In order to extract the domain invariant features, as shown in fig. 2, the extracted image features of the source domain and the extracted image features of the target domain pass through a domain discrimination module, and the domain discrimination network is a network formed by full connection layers and can output probabilities that the features belong to the source domain and the target domain. The feature extraction network and the domain discrimination network play a min-max game, the domain discrimination network distinguishes images of a source domain and images of a target domain as much as possible, the feature extraction network confuses the domain discrimination network as much as possible, and the domain discrimination network cannot distinguish which domain the features come from by extracting the features of which the domain is invariant. The specific objective function is as follows:
wherein, thetaEIs a parameter of the feature extraction network, θDIs a parameter of the domain discrimination network, D (E (x)i) Is an image xiProbability from the source domain, by which the domain discrimination network makes the probability of the predicted image of the source domain from the source domain as large as possible and the probability of the image of the target domain from the source domain as small as possible; the feature extraction network has an opposite effect and aims to extract features with unchanged fields, so that the field discrimination network is confused and misjudged.
In order to make the extracted source domain features more discriminative, as shown in fig. 2, the extracted image features of the source domain are passed through a feature discrimination boosting module, and assuming that each class has a class center, the features of the image of the source domain need to be close to the center of its corresponding class, so as to reduce the number of samples of the inter-class region, and thus define the following center loss function:
wherein,is class yiThe class center point of (2). Usually, the central point of each category is calculated from the features of the images belonging to the category in the entire dataset, and since the entire dataset cannot be used for calculation due to the batch processing mode adopted during the network training, the central points of the categories are continuously updated in the network training process by the iterative update mode described below. At the first iteration, using the current batchThe data initializes the center point for each category and then updates the center point in the following manner:
wherein,is the center point of the kth class at iteration t +1, gamma is the update rate of the class center point, K is the number of classes,
wherein, BtIs the batch data at the t-th iteration; i (.) represents the indicator function when yiWhen k is true, I (y)iK) 1, otherwise 0; n is a radical ofkIs the number of class k samples in the batch,
through the center loss function, the features of the images of the same category obtained by the feature extraction module can be gathered together, so that the discrimination of the features is increased.
In addition to the edge probability distribution, the conditional probability distributions of the two domains are also different, i.e., P (Y | X) is different. Since the target domain has no labeling information, it is difficult to directly align the conditional probability distributions of the two domains, and therefore, the target domain is approximated by an alignment-like edge distribution P (X | Y). Designing the following loss function by using the image category of the target field obtained in the category prediction step:
wherein,is a sample xiPredictive label of phi (X)t) Is a subset of the target domain, where the samples satisfy the following condition:
Φ(Xt)={xi∈Xtand max(p(xi))>T}
wherein, p (x)i) Is a K-dimensional vector whose K-th dimension represents sample xiIs the probability of class k, T is a threshold, and a predicted tag is considered to be authentic only if its probability is greater than this threshold.

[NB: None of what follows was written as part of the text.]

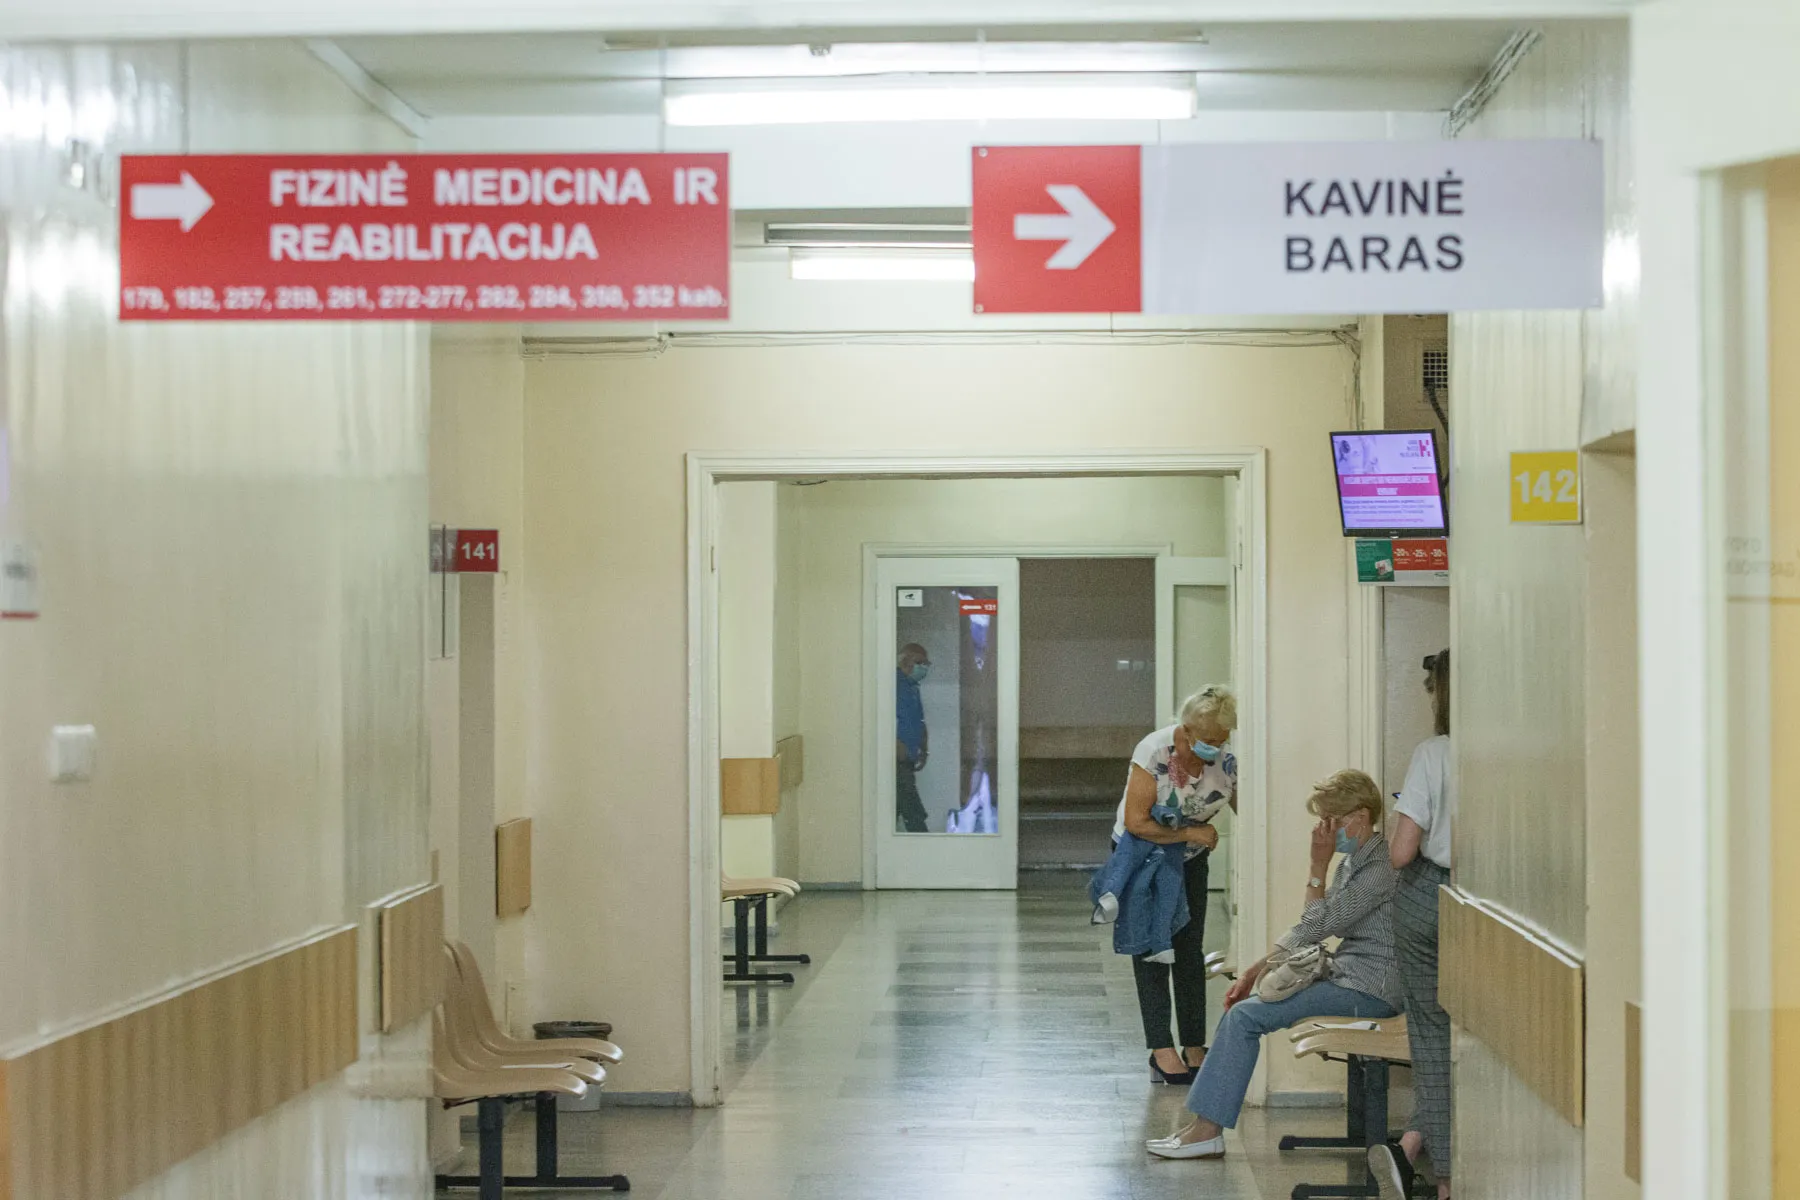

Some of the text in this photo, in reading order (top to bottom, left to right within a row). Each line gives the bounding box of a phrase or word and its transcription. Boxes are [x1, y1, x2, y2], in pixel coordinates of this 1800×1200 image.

In summary, the same feature extraction network is shared between the two domains, and the domain discrimination network cannot judge the source of the feature, so that the feature extraction network is forced to extract the feature shared between the two domains, namely semantic information of the image, and ignore the specific information of each domain. Since the extracted features are domain invariant, the class prediction network obtained by image training in the source domain can also be applied to the target domain, thereby realizing domain adaptation. Due to the introduction of the central loss function, the features of the images of the same category in the source field can be more gathered and compact, and therefore the discrimination of the features is improved. In addition, by aligning the conditional probability distribution of the two domains, the characteristics of the target domain also keep better discrimination capability, so that the category prediction accuracy rate on the target domain is improved. In addition, by sharing the same feature extraction network, the image features of the two domains are jointly learned, and at the time of testing, it is not necessary to know whether the image is from the source domain or the target domain.

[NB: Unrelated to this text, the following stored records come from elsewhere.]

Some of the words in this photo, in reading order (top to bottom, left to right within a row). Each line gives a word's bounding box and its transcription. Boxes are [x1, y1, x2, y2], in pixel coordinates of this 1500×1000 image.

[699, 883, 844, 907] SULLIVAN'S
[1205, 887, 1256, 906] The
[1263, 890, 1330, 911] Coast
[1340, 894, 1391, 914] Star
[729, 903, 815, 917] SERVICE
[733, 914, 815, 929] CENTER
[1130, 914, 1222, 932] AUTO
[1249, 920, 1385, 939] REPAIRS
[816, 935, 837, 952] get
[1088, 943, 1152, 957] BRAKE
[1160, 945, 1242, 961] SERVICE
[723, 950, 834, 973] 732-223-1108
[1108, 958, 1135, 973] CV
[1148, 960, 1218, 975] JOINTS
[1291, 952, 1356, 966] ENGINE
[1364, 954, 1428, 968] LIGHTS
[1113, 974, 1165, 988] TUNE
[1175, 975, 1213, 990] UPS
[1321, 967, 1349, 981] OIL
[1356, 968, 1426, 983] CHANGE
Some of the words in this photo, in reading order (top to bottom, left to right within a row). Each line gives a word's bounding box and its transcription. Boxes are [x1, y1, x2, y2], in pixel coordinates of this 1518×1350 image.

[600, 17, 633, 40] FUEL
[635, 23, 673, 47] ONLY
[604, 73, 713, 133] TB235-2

Those skilled in the art will appreciate that, in addition to implementing the systems, apparatus, and various modules thereof provided by the present invention in purely computer readable program code, the same procedures can be implemented entirely by logically programming method steps such that the systems, apparatus, and various modules thereof are provided in the form of logic gates, switches, application specific integrated circuits, programmable logic controllers, embedded microcontrollers and the like. Therefore, the system, the device and the modules thereof provided by the present invention can be considered as a hardware component, and the modules included in the system, the device and the modules thereof for implementing various programs can also be considered as structures in the hardware component; modules for performing various functions may also be considered to be both software programs for performing the methods and structures within hardware components.

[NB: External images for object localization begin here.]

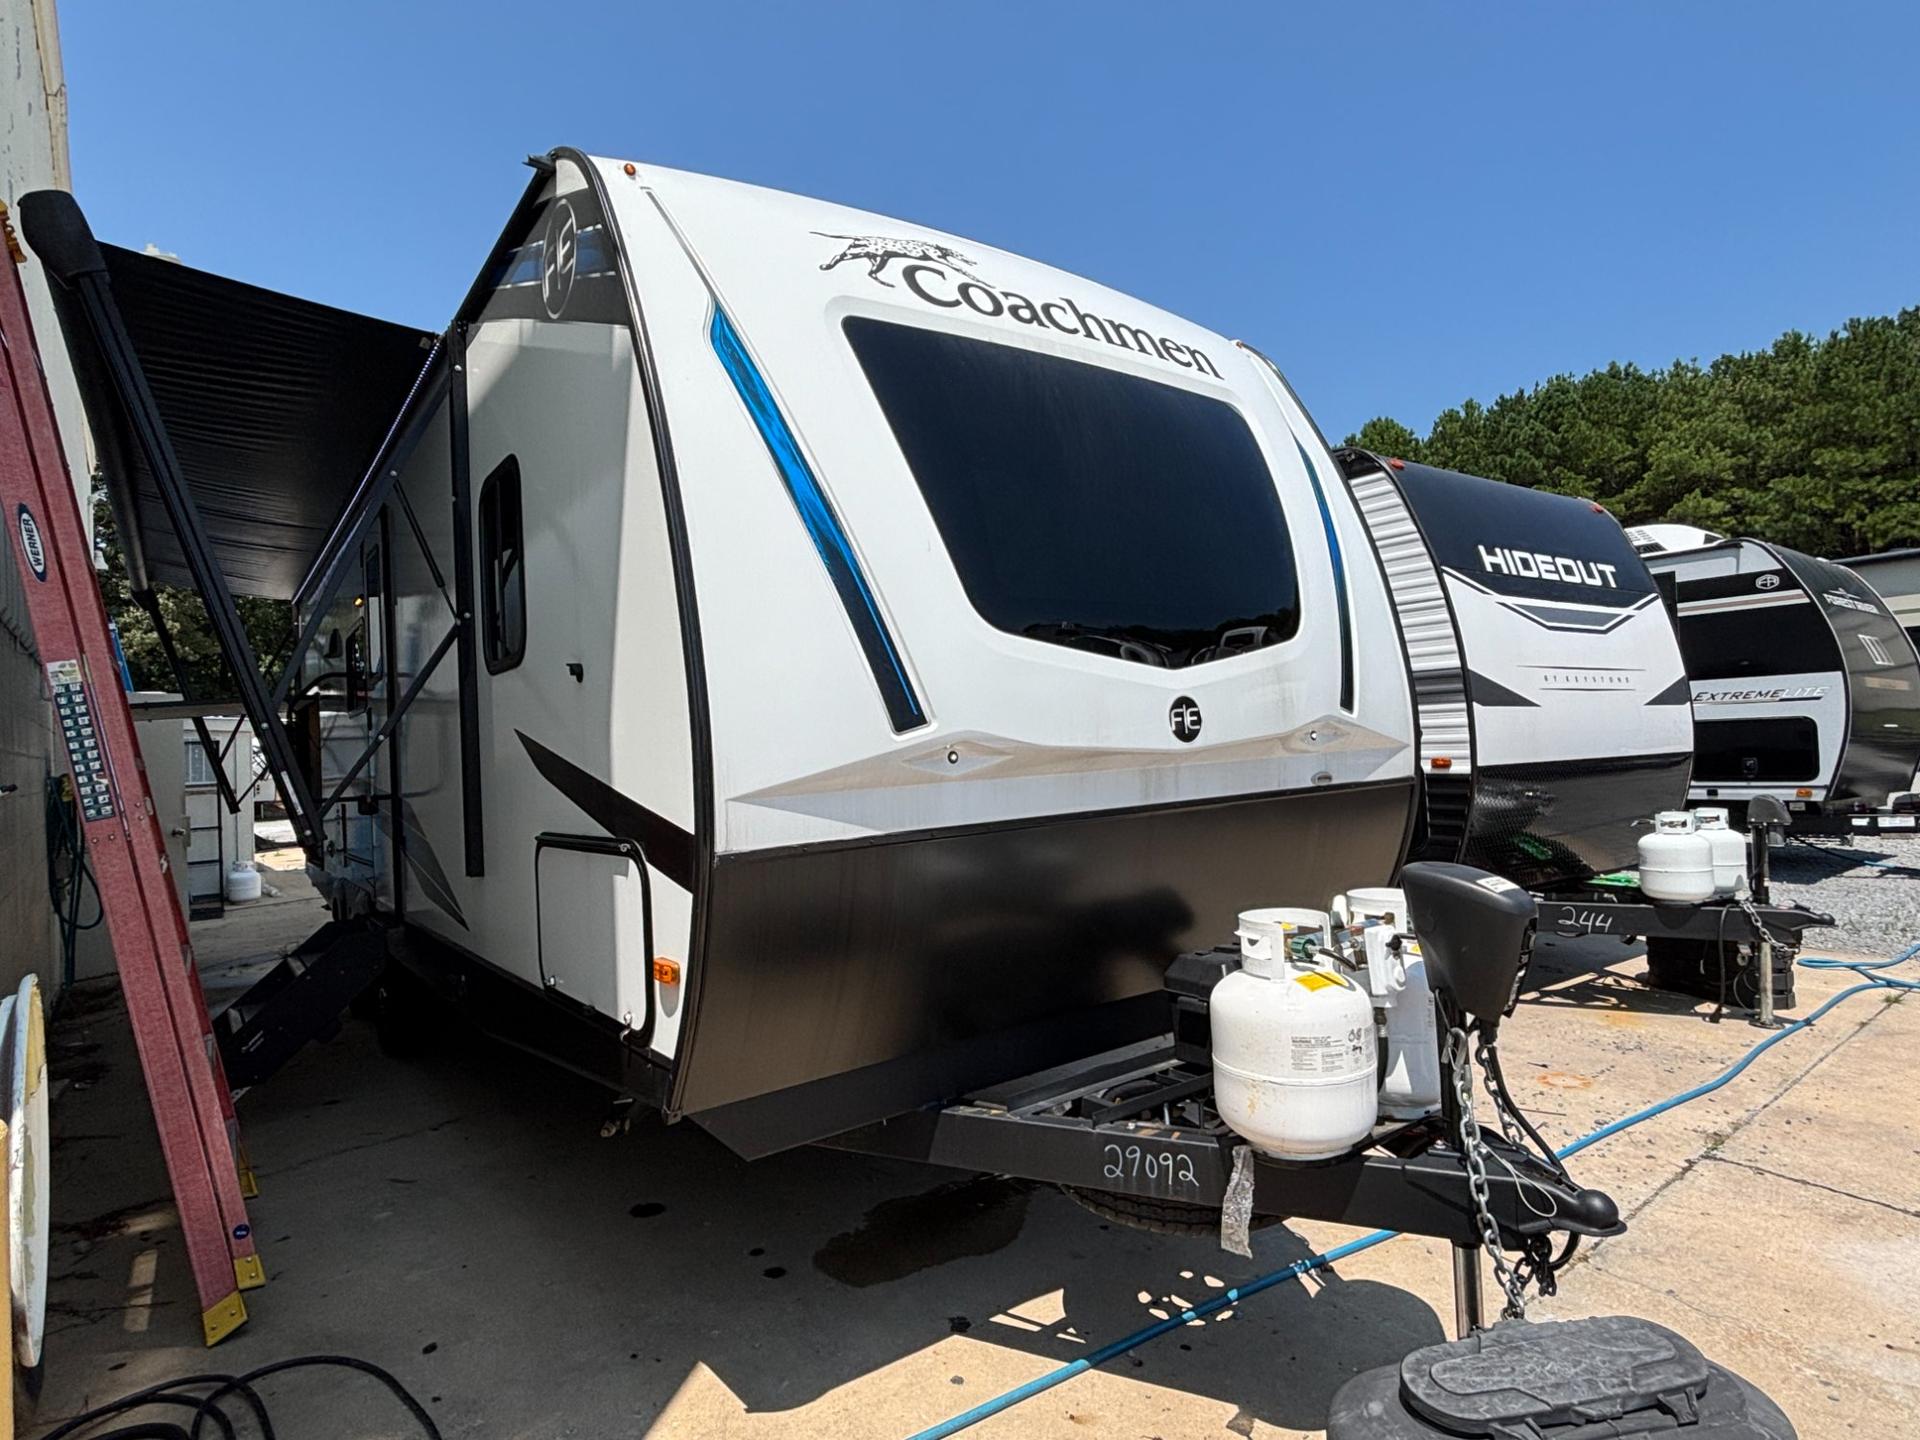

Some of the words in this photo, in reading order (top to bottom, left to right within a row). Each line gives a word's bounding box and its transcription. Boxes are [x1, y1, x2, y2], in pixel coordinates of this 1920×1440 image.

[902, 264, 1225, 380] Coachmen
[22, 518, 43, 567] WERNER
[1477, 544, 1617, 589] HIDEOUT
[1557, 905, 1613, 934] 244
[1103, 1143, 1200, 1187] 29092

The foregoing description of specific embodiments of the present invention has been presented. It is to be understood that the present invention is not limited to the specific embodiments described above, and that various changes or modifications may be made by one skilled in the art within the scope of the appended claims without departing from the spirit of the invention. The embodiments and features of the embodiments of the present application may be combined with each other arbitrarily without conflict.
Claims (10)
1. An unsupervised domain adaptation method based on antagonistic learning, comprising:
a characteristic extraction step: extracting the characteristics of the images in the source field and the target field by using a characteristic extraction network to obtain the image characteristics of the source field and the image characteristics of the target field;
a category prediction step: predicting the probability of the image belonging to each category according to the obtained image characteristics of the source field and the target field to obtain category prediction probability;
a field discrimination step: according to the obtained image features of the source field and the image features of the target field, the probability that the network prediction image features come from the source field and the target field is judged through the field, and a field prediction probability is obtained;
and a counterstudy step: designing a loss function for the obtained domain prediction probability, and enabling the feature extraction network and the domain discrimination network to perform counterstudy, so that the feature extraction network can extract domain invariant features;
a characteristic discrimination force improving step: for the obtained image features of the source field, improving the discrimination of the features by using a central loss function;
and (3) a conditional probability alignment step: and performing conditional probability alignment on the obtained image features of the source field and the target field according to the obtained class prediction probability.
2. The unsupervised domain adaptation method based on antagonistic learning according to claim 1, characterized in that said feature extraction step:
inputting the images of the source field and the images of the target field into a feature extraction network by utilizing the feature extraction network, and extracting the image features of the source field and the image features of the target field;
the feature extraction network is a deep convolutional neural network;
the source field image and the target field image are from two different distributed images aiming at the same classification task, the source field image is correspondingly labeled, and the target field image is not labeled information.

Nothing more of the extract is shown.